On appeal, Dr. Doe argued that the term “investigation” refers only to the factgathering phase of the investigation. Thus, he asserted that the investigation was completed when the ad hoc investigating committee completed its fact-gathering process. The Court soundly rejected Dr. Doe’s argument.
The Court found it significant that the Secretary himself, and not an underling, issued the ruling. Also, the Secretary’s procedures, according to the Court, encouraged the operation of the deliberative process. The Secretary had identified the congressional purposes for the enactment of HCQIA: “to improve the quality of health care by encouraging hospitals to identify and discipline practitioners who engage in unprofessional behavior” and to restrict “the ability of incompetent practitioners from moving State to State without disclosure or discovery of previous adverse action… history.”
The Court again noted that if Dr. Doe’s interpretation of “investigation” was accepted, a gap would be created between the time of the completion of the factgathering process and the taking of final disciplinary action. During this gap period, under Dr. Doe’s argument, a physician could resign with impunity and avoid being reported to the NPDB.
The Court also stated that a hospital’s medical staff bylaws could assist in determining whether a facility had initiated an investigation within the meaning of HCQIA, and, if so, whether an investigation was ongoing. The Court noted that even the NPDB Guidebook recognizes that a hospital’s bylaws may be useful in addressing NPDB issues.
Doe v. Leavitt addresses whether an investigation is ongoing. If an investigation is “ongoing”, it has not been closed. The issue of whether a report is required generally turns on the issue of whether a pending investigation has been closed. If an investigation has been closed, it is likely that a physician may resign from the medical staff. A surrender of clinical privileges, following the closure of an investigation relating to a physician’s competence or professional conduct, generally would not be reportable to the NPDB because the physician is not under investigation.
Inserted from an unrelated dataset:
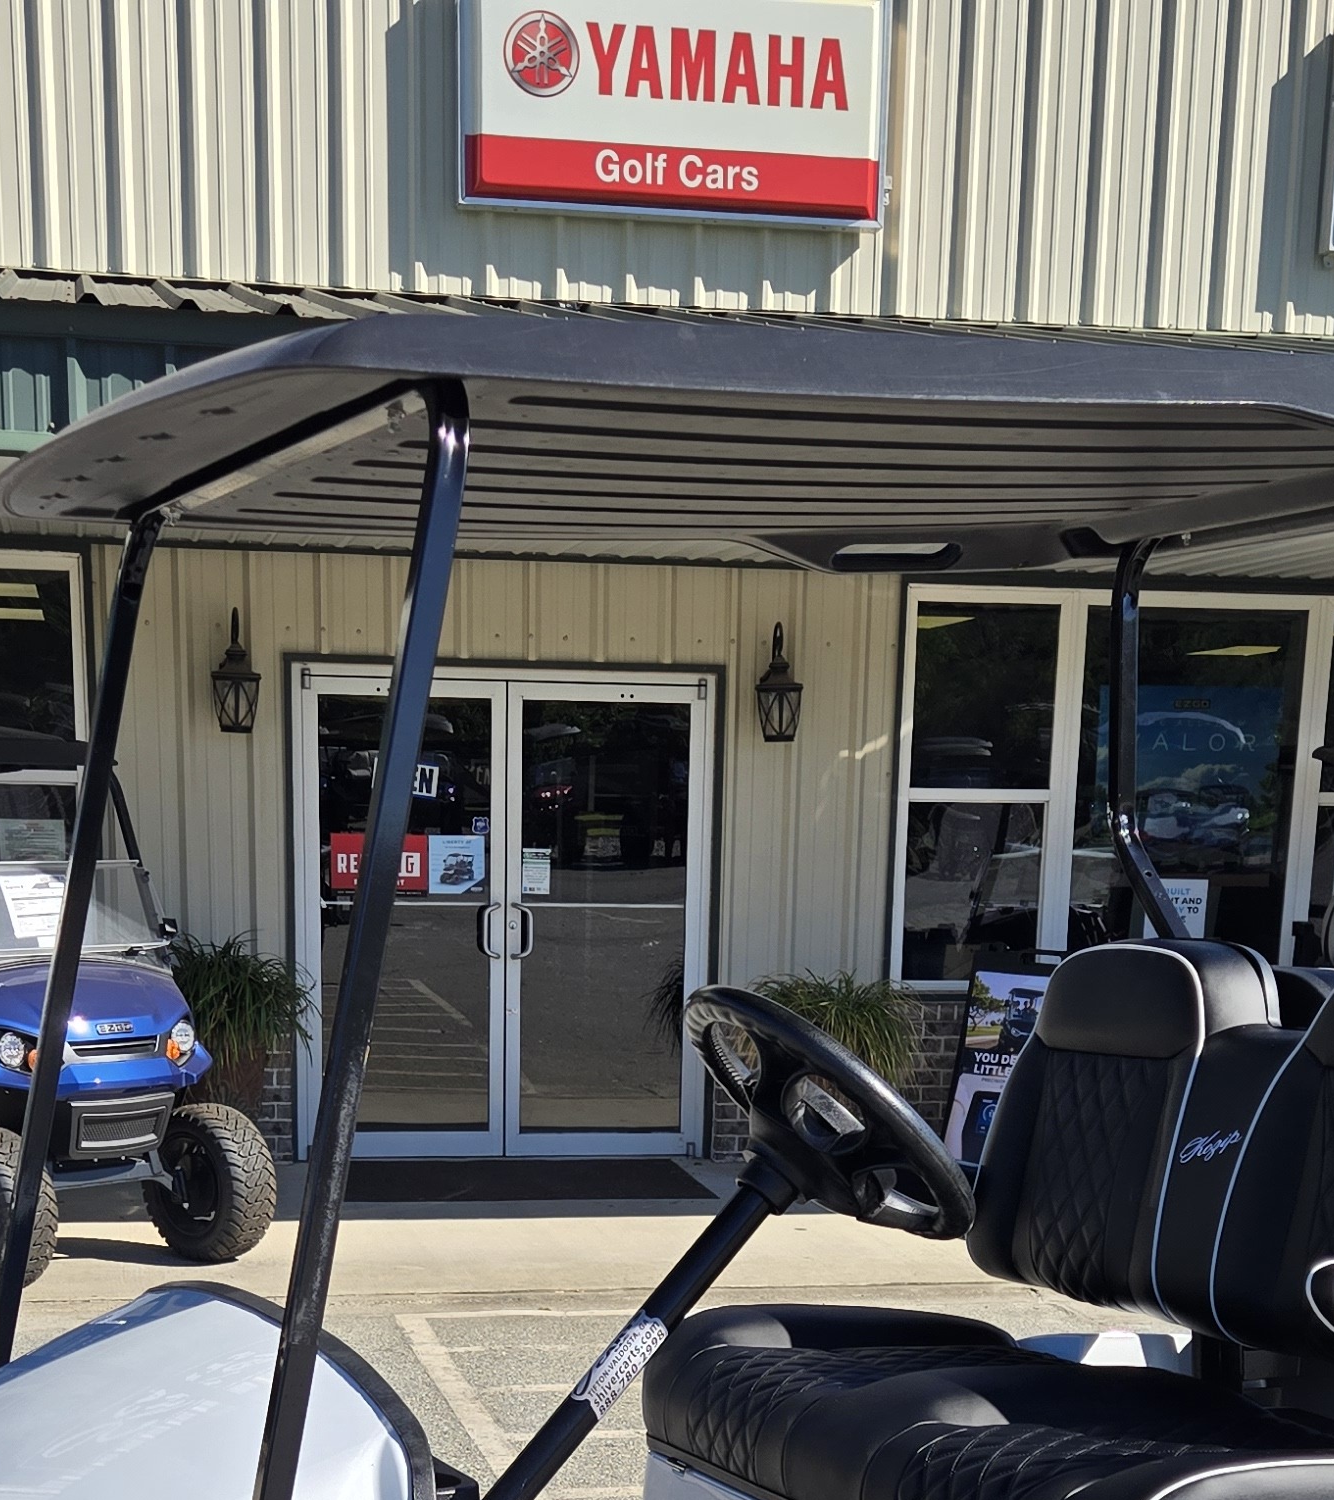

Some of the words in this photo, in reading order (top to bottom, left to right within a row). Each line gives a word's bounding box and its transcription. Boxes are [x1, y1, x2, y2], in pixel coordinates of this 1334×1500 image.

For physicians, the meaning of the case was made clear by a physicians’ blog on the rights of physicians. One blog entry provided the following advice: “It is important to GET AN AGREEMENT BEFORE YOU RESIGN THAT YOU ARE NOT CURRENTLY UNDER INVESTIGATION. Many doctors get caught in the trap of thinking that the investigation is over and then resign, only to be reported to the National Practitioner Data Bank.” www.doctorsrights.com/blog/
Some hospitals distinguish between investigations and inquiries in their medical staff bylaws. This distinction is probably an appropriate one, in that it permits reviews, rather than investigations, of physician’s professional conduct and competence. The Court in Doe v. Leavitt makes it clear, however, that a hospital may not frustrate the definition of an investigation in its bylaws by defining “investigation” to mean some type of “phenomenon that ended upon the completion of fact-gathering.”